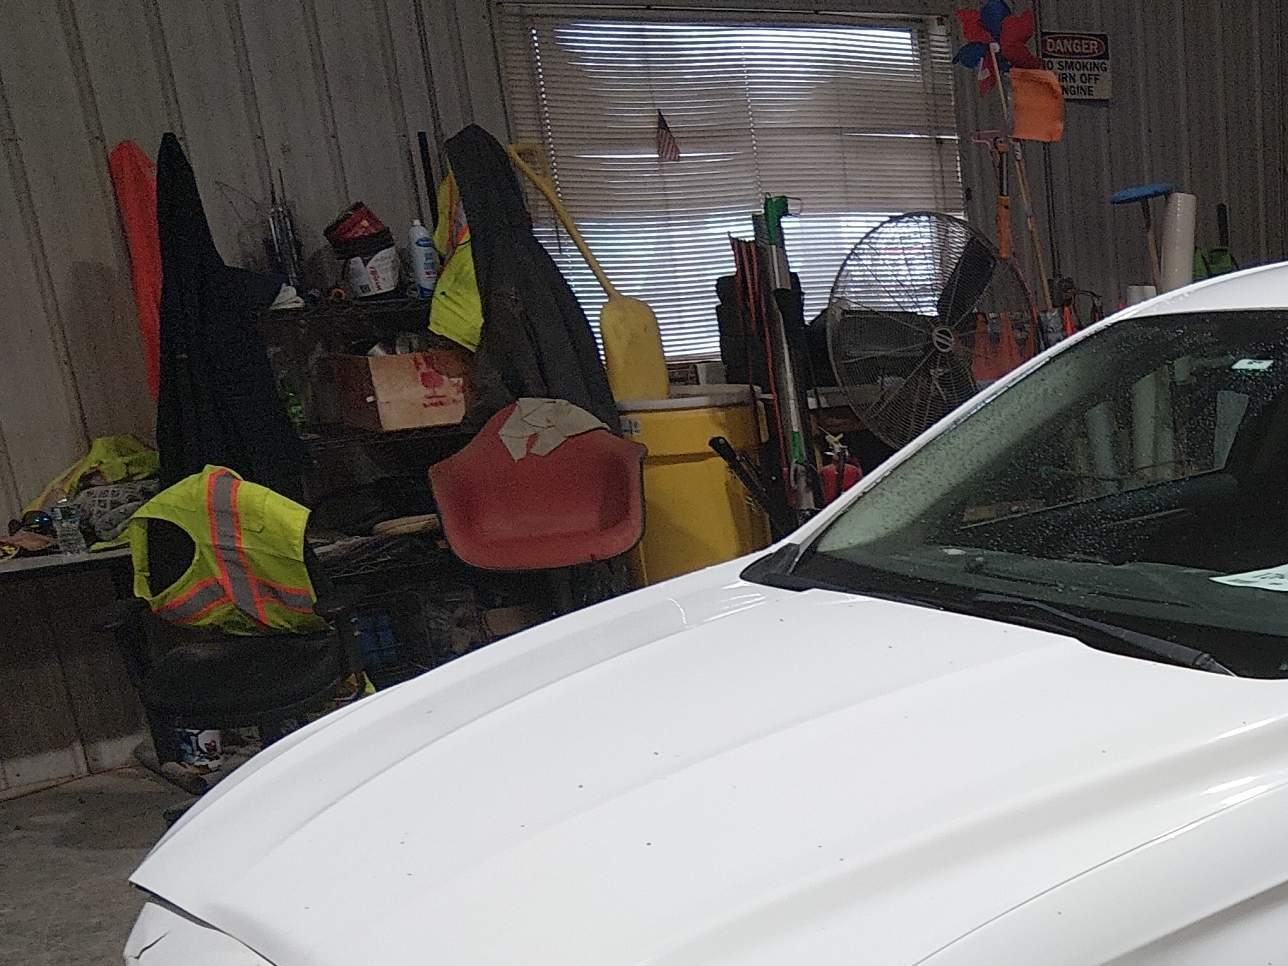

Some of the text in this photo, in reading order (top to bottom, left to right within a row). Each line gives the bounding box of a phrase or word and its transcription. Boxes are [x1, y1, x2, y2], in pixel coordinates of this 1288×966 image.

[1046, 38, 1098, 54] DANGER
[1057, 61, 1107, 73] SMOKING
[1058, 73, 1100, 85] RN OFF
[1062, 85, 1094, 97] NGINE
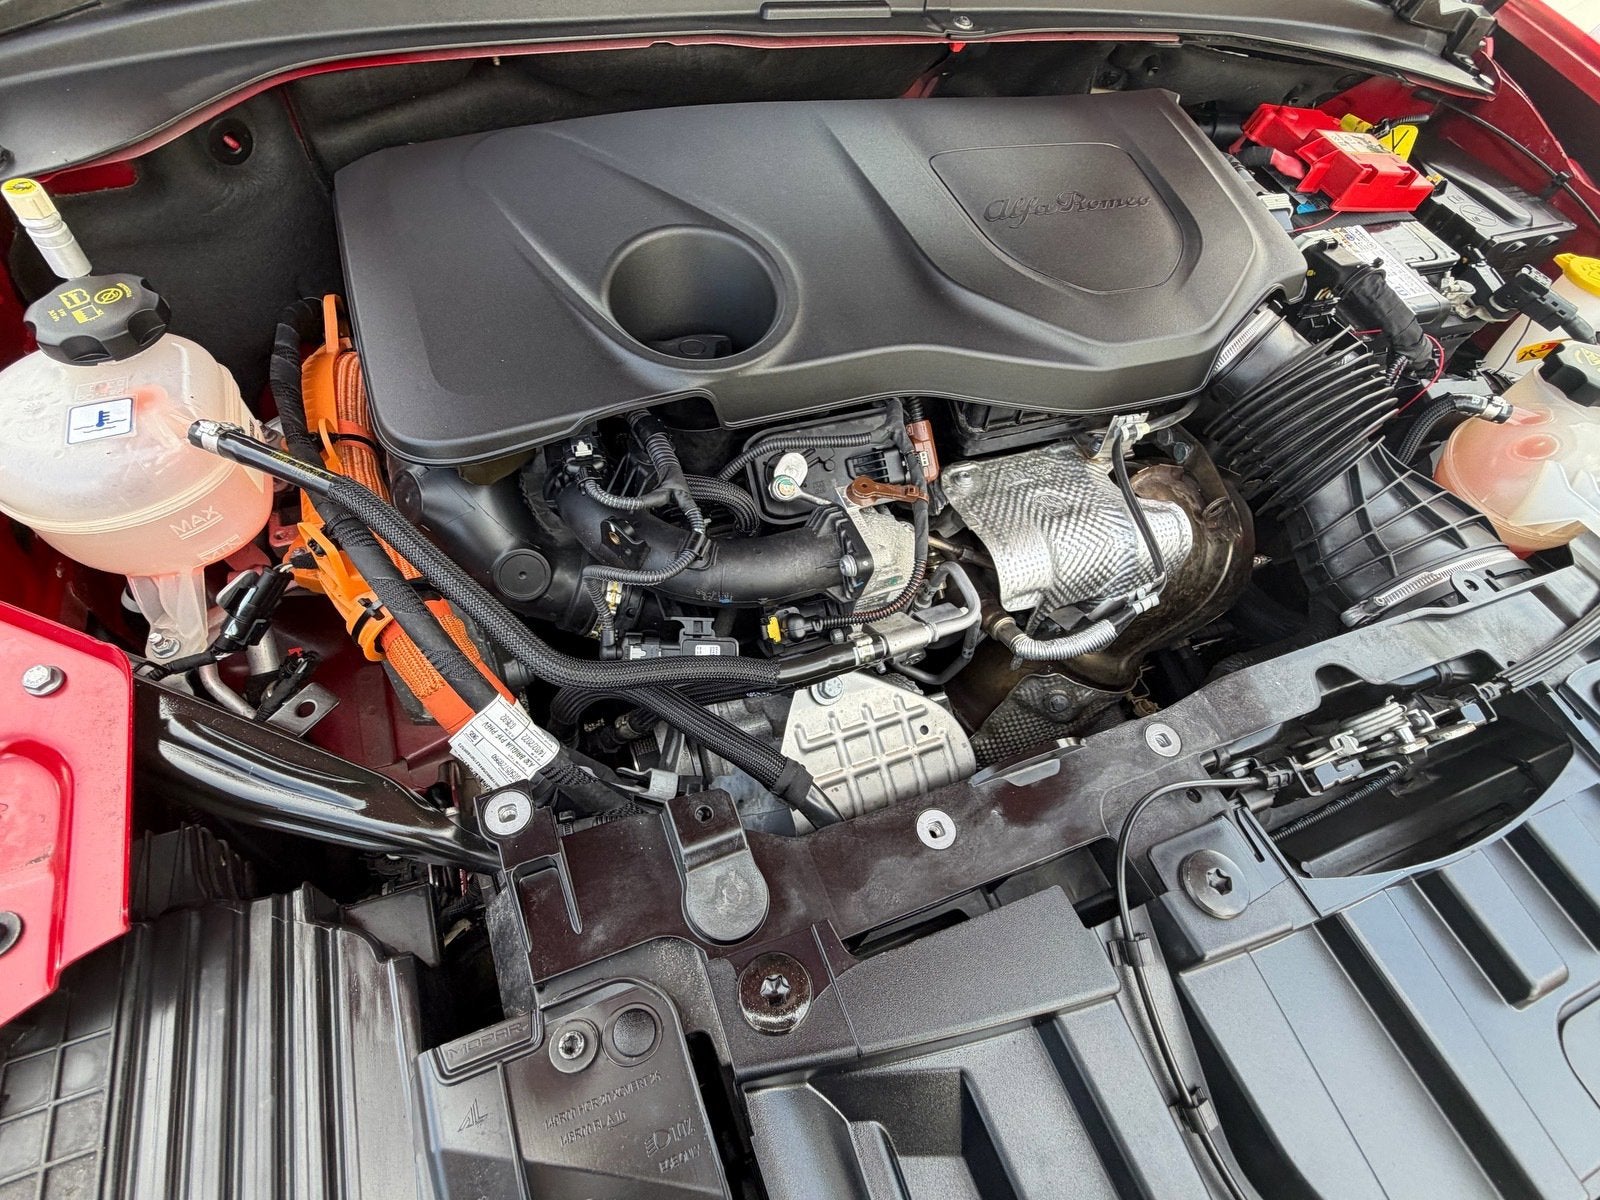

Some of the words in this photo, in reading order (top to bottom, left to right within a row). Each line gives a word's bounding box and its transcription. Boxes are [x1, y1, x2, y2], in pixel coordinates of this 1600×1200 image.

● ● ● ● ● ● ●

Task requirements
Leaving out the pictures, restate the listing above exactly.

Result
Some of the text in this photo, in reading order (top to bottom, left to right within a row). Each line gives the bounding box of a phrase or word and its transcription. Boxes are [x1, y1, x2, y2], in pixel coordinates of this 1288×966 image.

[1046, 38, 1098, 54] DANGER
[1057, 61, 1107, 73] SMOKING
[1058, 73, 1100, 85] RN OFF
[1062, 85, 1094, 97] NGINE

Some of the words in this photo, in reading order (top to bottom, left to right within a row). Each line gives a word's bounding box and its transcription. Boxes are [x1, y1, x2, y2], in pixel coordinates of this 1600×1200 image.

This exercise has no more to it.